Despite these two limitations, the analysis was designed in a way to provide a fair and thorough evaluation of the policy in question. The criteria for analysis helped to focus on the individual characteristics of each legislation instead of addressing minor differences between them.
Implications
The analysis served to identify the critical strengths and weaknesses of the U.S. Clean Air Act and to compare it to similar legislation from other parts of the world. The results of the analysis indicated certain fallacies of the Clean Air Act and suggested ways of addressing them to improve coverage and efficiency. Thus, the study can be used by policymakers to develop the existing policy. Besides, the analysis highlighted the scarcity of research on other clean air initiatives. Ensuring that a solid body of research is available on each alternative can help to evaluate strategies for improving population health and achieve better results nationally.
Conclusion
All in all, the Clean Air Act of 1970 is an efficient piece of legislation that can help the United States to advance its environmental goals and improve public health. Compared to similar policies in other countries, the Clean Air Act is more structured and concrete, offering a distinctive framework for supporting better air quality. Research also suggests that the Clean Air Act already proved to be effective in addressing population health issues, including respiratory diseases and mortality rates. Although minor barriers to the implementation of the Clean Air Act still exist, they can be solved by enhancing the EPA and ensuring the continuity of the Act’s development. The analysis also indicated some gaps in research targeting other countries’ environmental policies. Future research should concentrate on studying the effectiveness of clean air regulations in other parts of the world, as well as uncovering solutions for improving the U.S. approach to clean air regulations.
References
Bell, S. E. (2017). Environmental injustice and the pursuit of a post-carbon world: The unintended consequences of the Clean Air Act as a cautionary tale for solar energy development. Brooklyn Law Review, 82(2), 529-557.

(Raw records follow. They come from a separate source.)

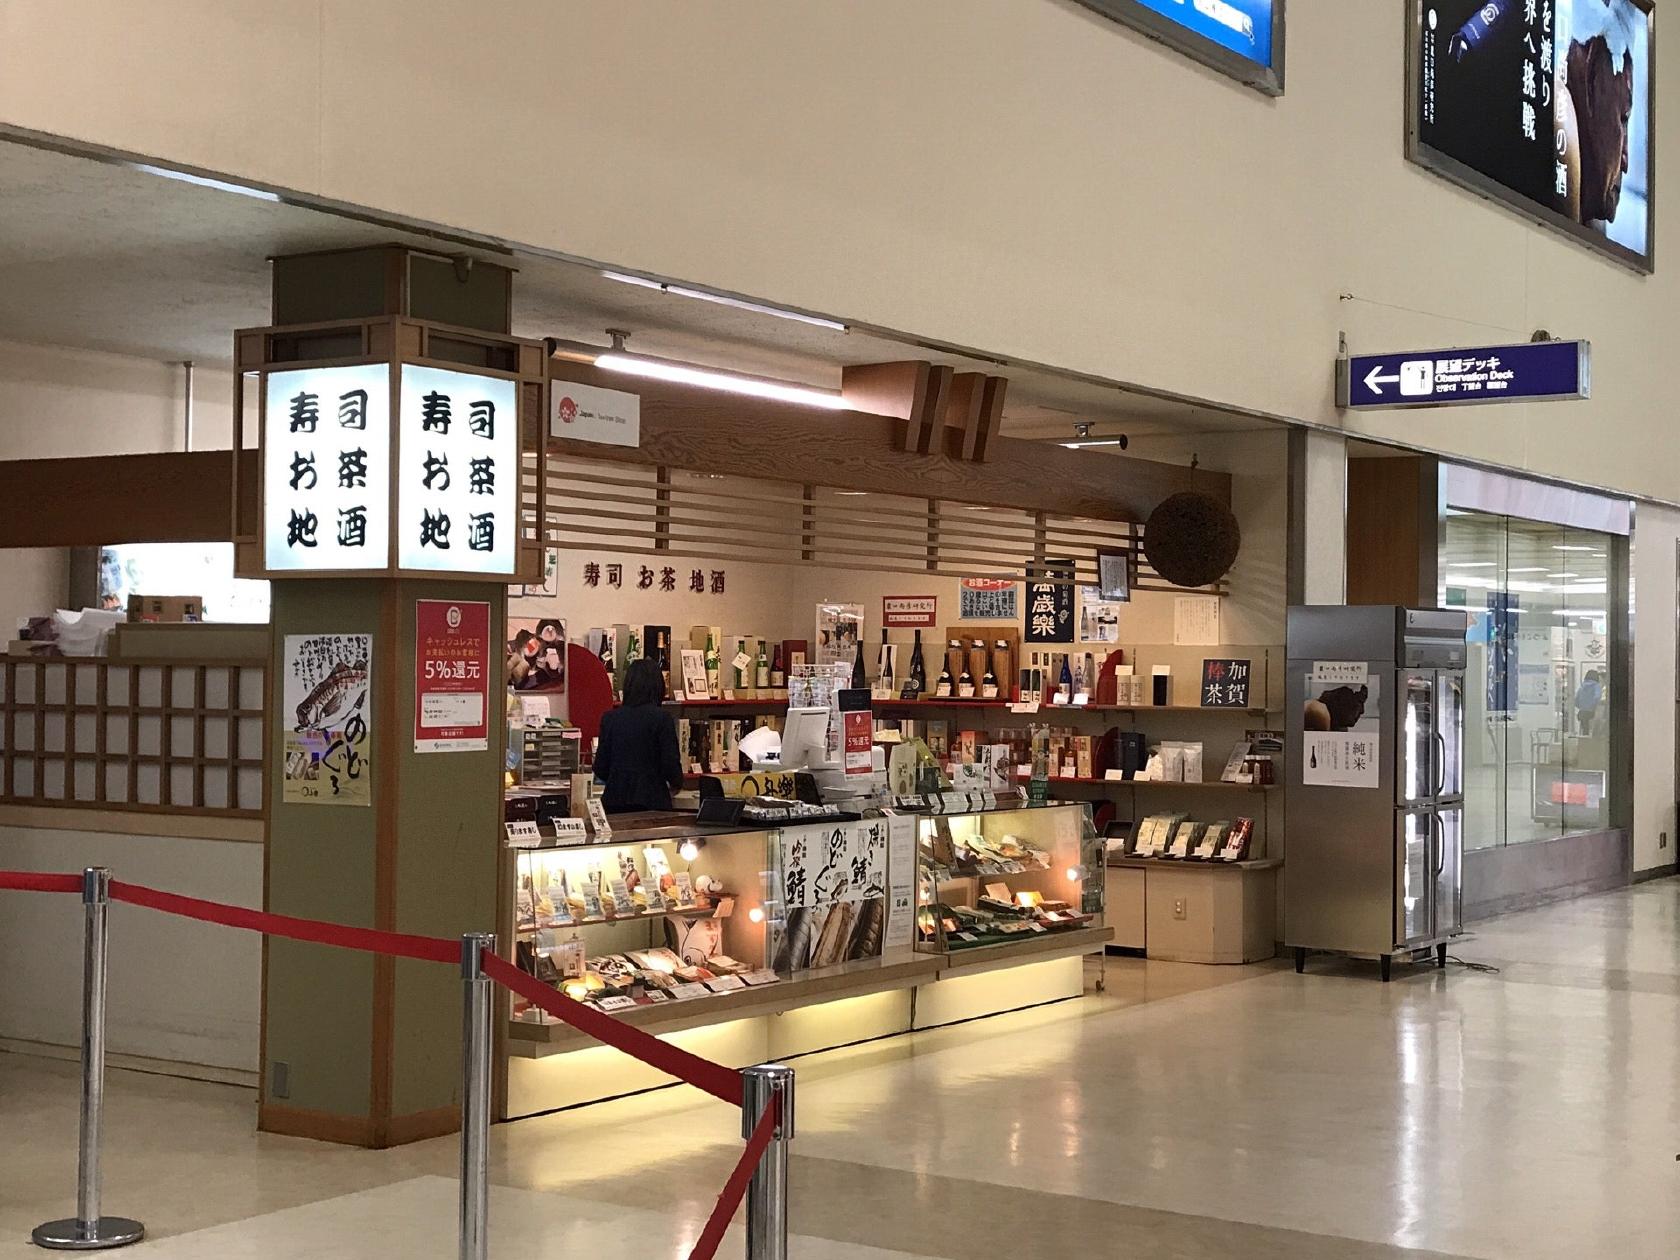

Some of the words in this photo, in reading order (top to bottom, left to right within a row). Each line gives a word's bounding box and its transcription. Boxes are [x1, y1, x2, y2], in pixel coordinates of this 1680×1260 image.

[1435, 372, 1488, 383] Observation
[1489, 370, 1514, 380] Deck
[1436, 357, 1500, 373] 展望デッキ
[290, 389, 368, 433] 寿司
[421, 390, 496, 440] 寿司
[289, 446, 368, 491] お茶
[422, 450, 496, 496] お茶
[287, 505, 367, 549] 地酒
[420, 507, 495, 553] 地酒
[584, 561, 624, 589] 寿司
[637, 564, 677, 592] お茶
[688, 569, 726, 595] 地酒
[426, 637, 481, 647] キャッシュレスで
[425, 660, 480, 679] 5%還元
[1225, 662, 1247, 704] 加賀
[1352, 741, 1366, 771] 純米
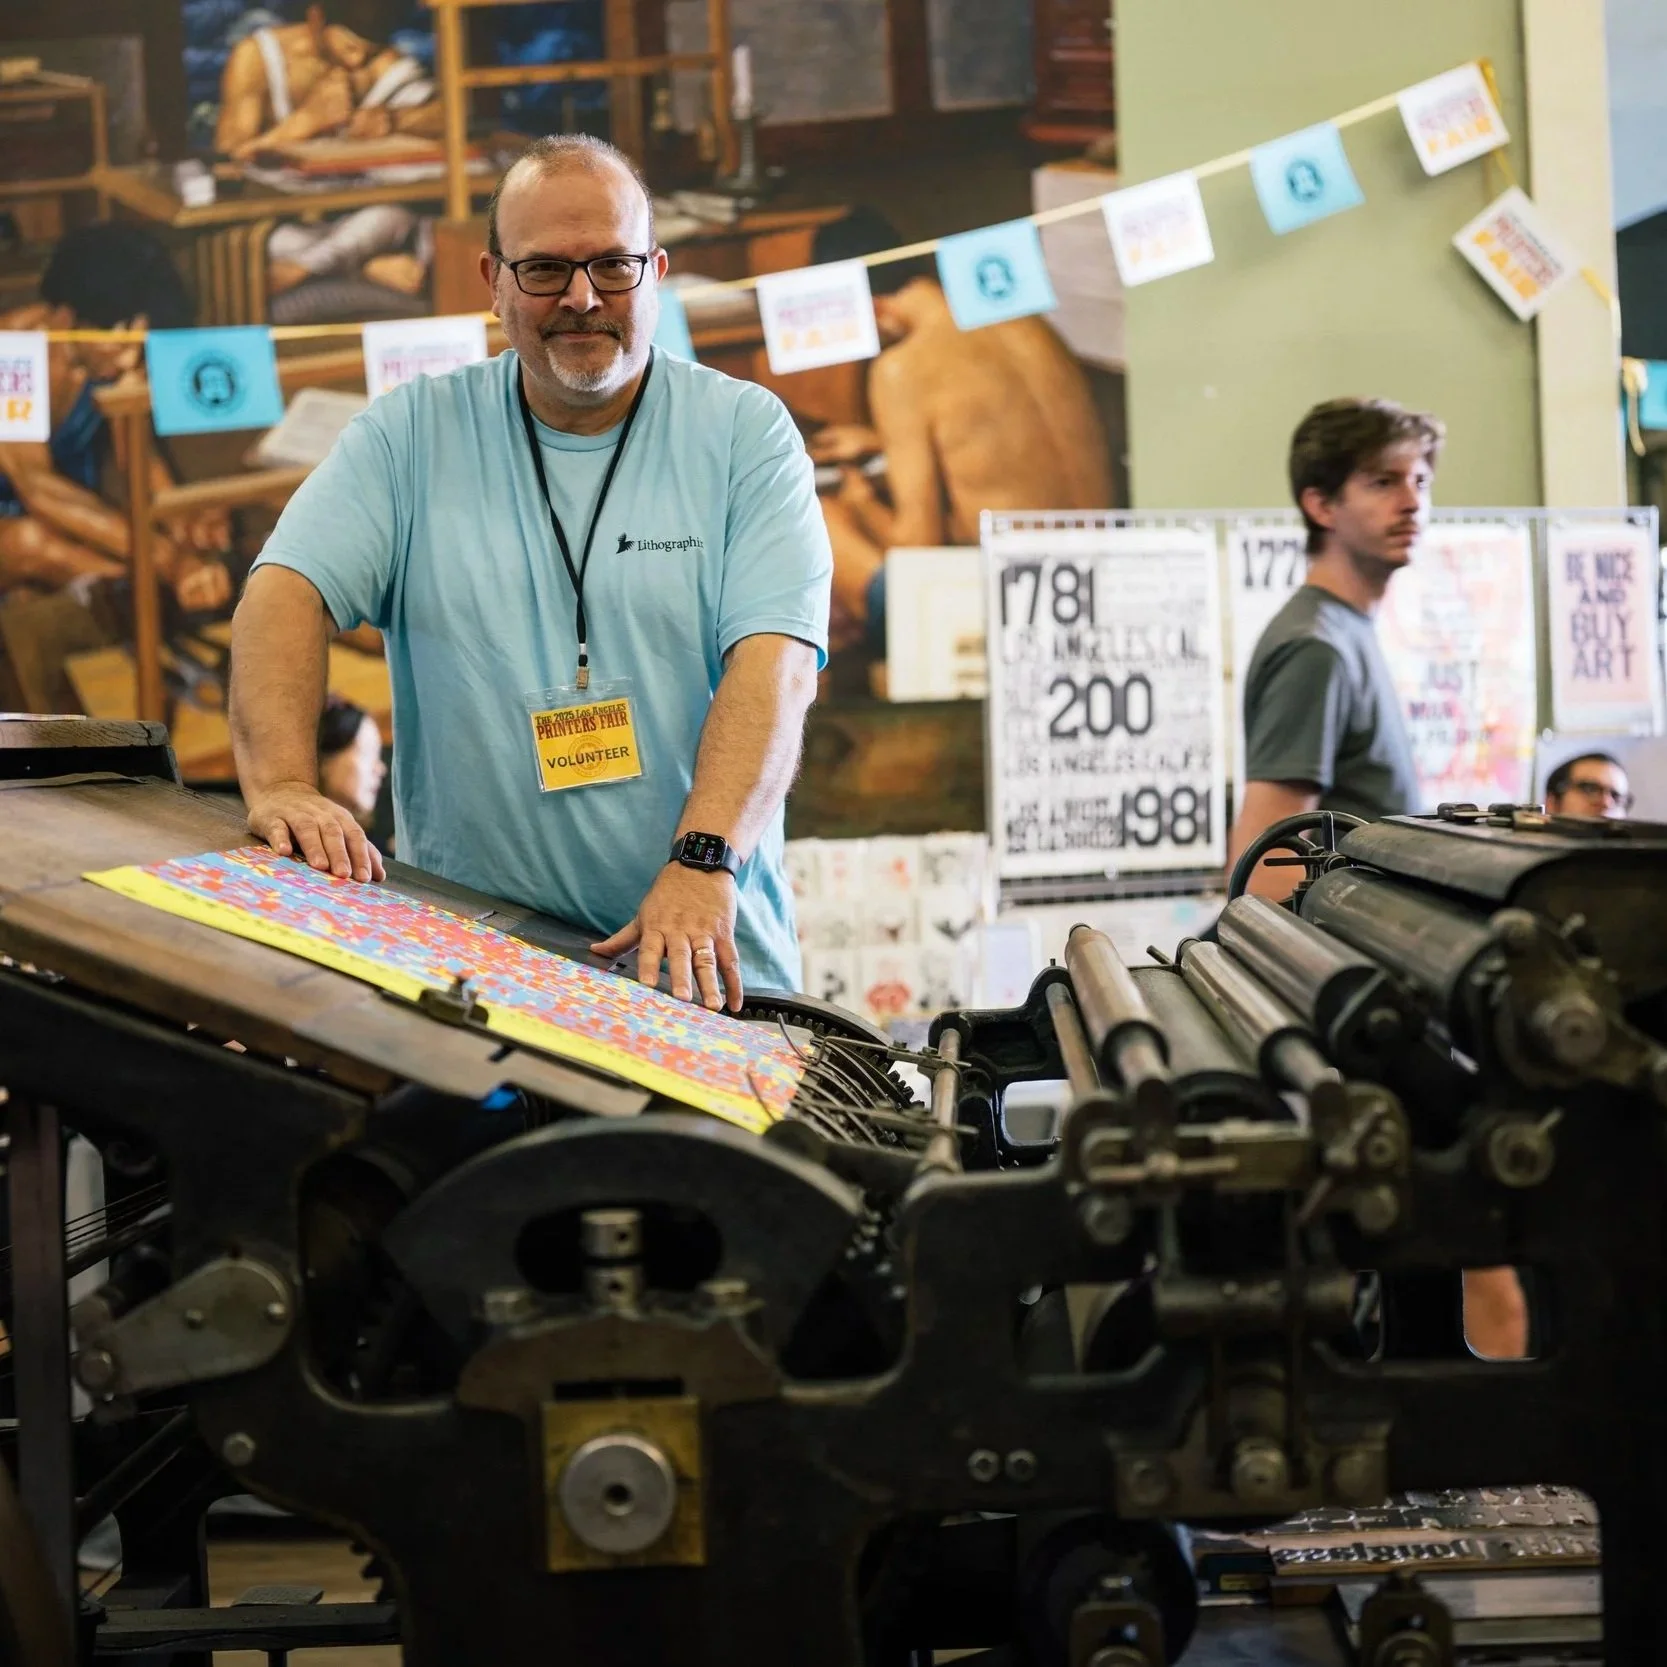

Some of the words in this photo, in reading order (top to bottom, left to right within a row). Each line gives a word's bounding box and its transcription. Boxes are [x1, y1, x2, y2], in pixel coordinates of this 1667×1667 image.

[1594, 550, 1634, 582] NICE
[1001, 563, 1094, 626] 1781
[1579, 587, 1627, 604] AND
[1571, 611, 1632, 644] BUY
[1572, 645, 1636, 680] ART
[535, 716, 553, 726] THE
[553, 711, 575, 722] 2025
[1049, 674, 1153, 738] 200
[537, 715, 597, 740] PRINTERS
[598, 711, 629, 730] FAIR
[546, 746, 630, 769] VOLUNTEER
[1122, 786, 1212, 847] 1981
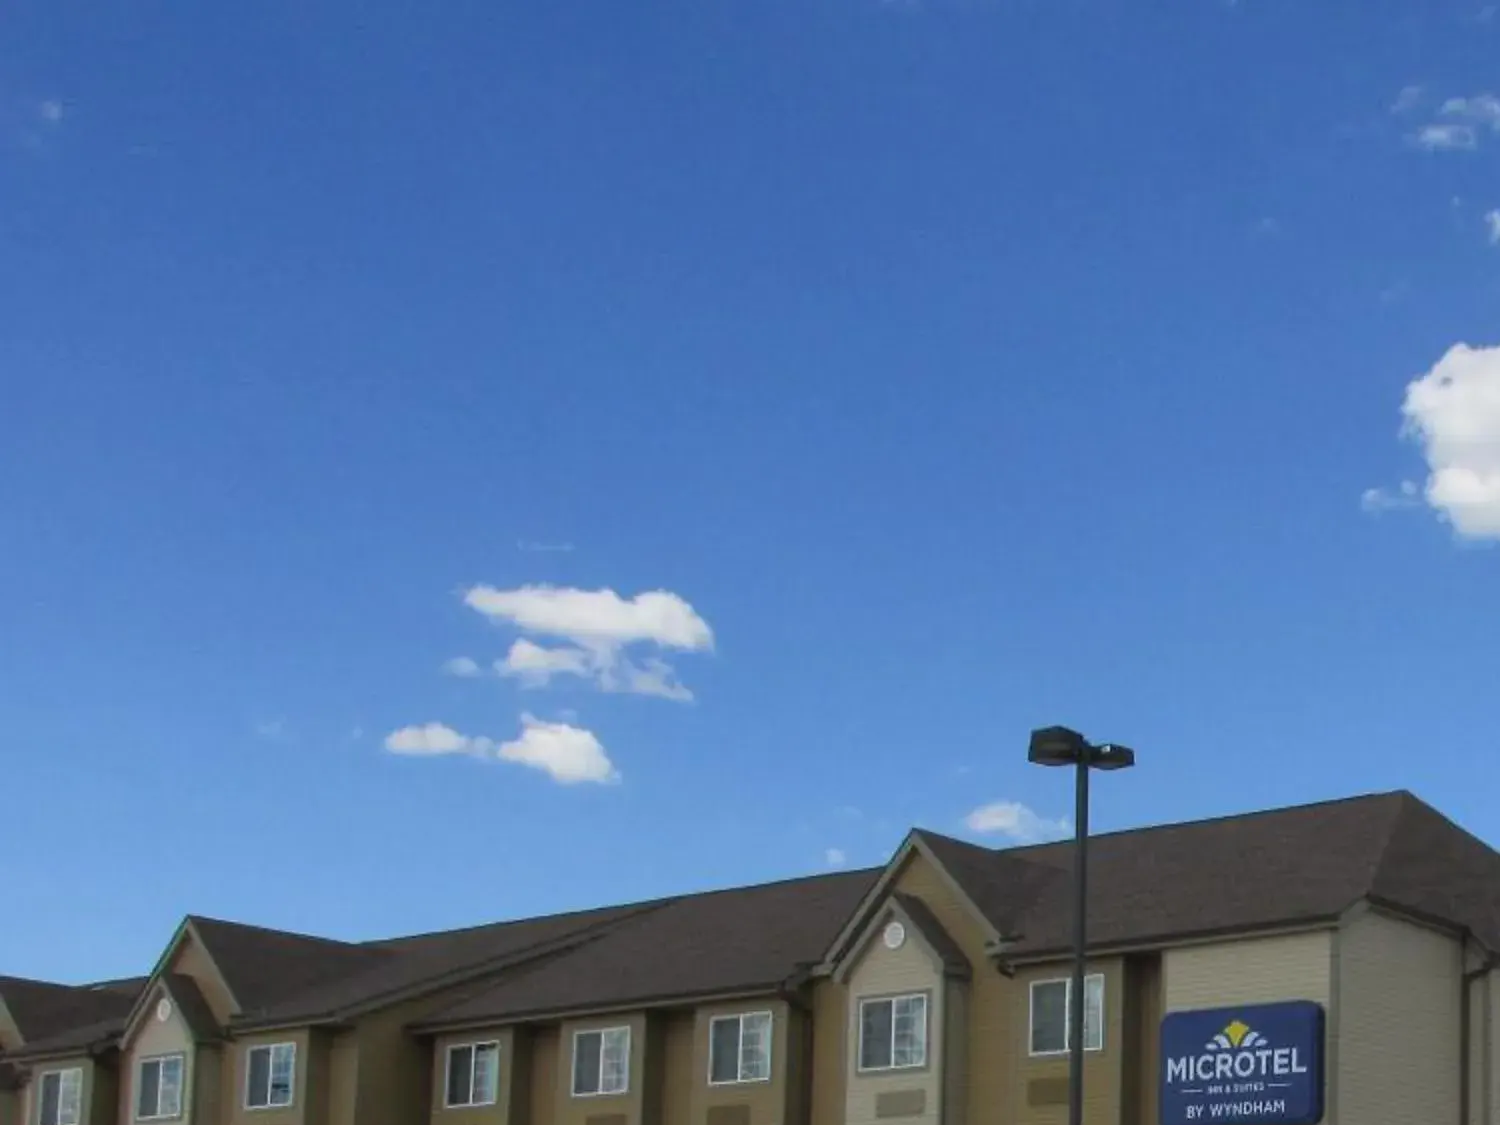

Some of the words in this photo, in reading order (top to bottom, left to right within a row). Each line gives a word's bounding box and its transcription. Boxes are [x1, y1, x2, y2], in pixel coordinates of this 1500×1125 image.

Environmental Protection Agency (EPA). (2011). The benefits and costs of the Clean Air Act from 1990 to 2020.
Longhurst, J., Barnes, J., Chatterton, T., Hayes, E. T., & Williams, B. (2016). Progress with air quality management in the 60 years since the UK Clean Air Act, 1956: Lessons, failures, challenges and opportunities. International Journal of Sustainable Development & Planning, 11(4), 491-499.
McCarthy, G., & Burke, T. A. (2017). We need a strong Environmental Protection Agency: It’s about public health! The American Journal of Public Health, 107(5), 649-651.
Rivers, N., & Smolski, K. (2015). Submission in response to the National Clean Air Agreement Discussion Paper prepared by Environmental Justice Australia and Nature Conservation Council of NSW.
World Health Organization (WHO). (2016). Burden of disease from the joint effects of household and ambient air pollution for 2012. Web.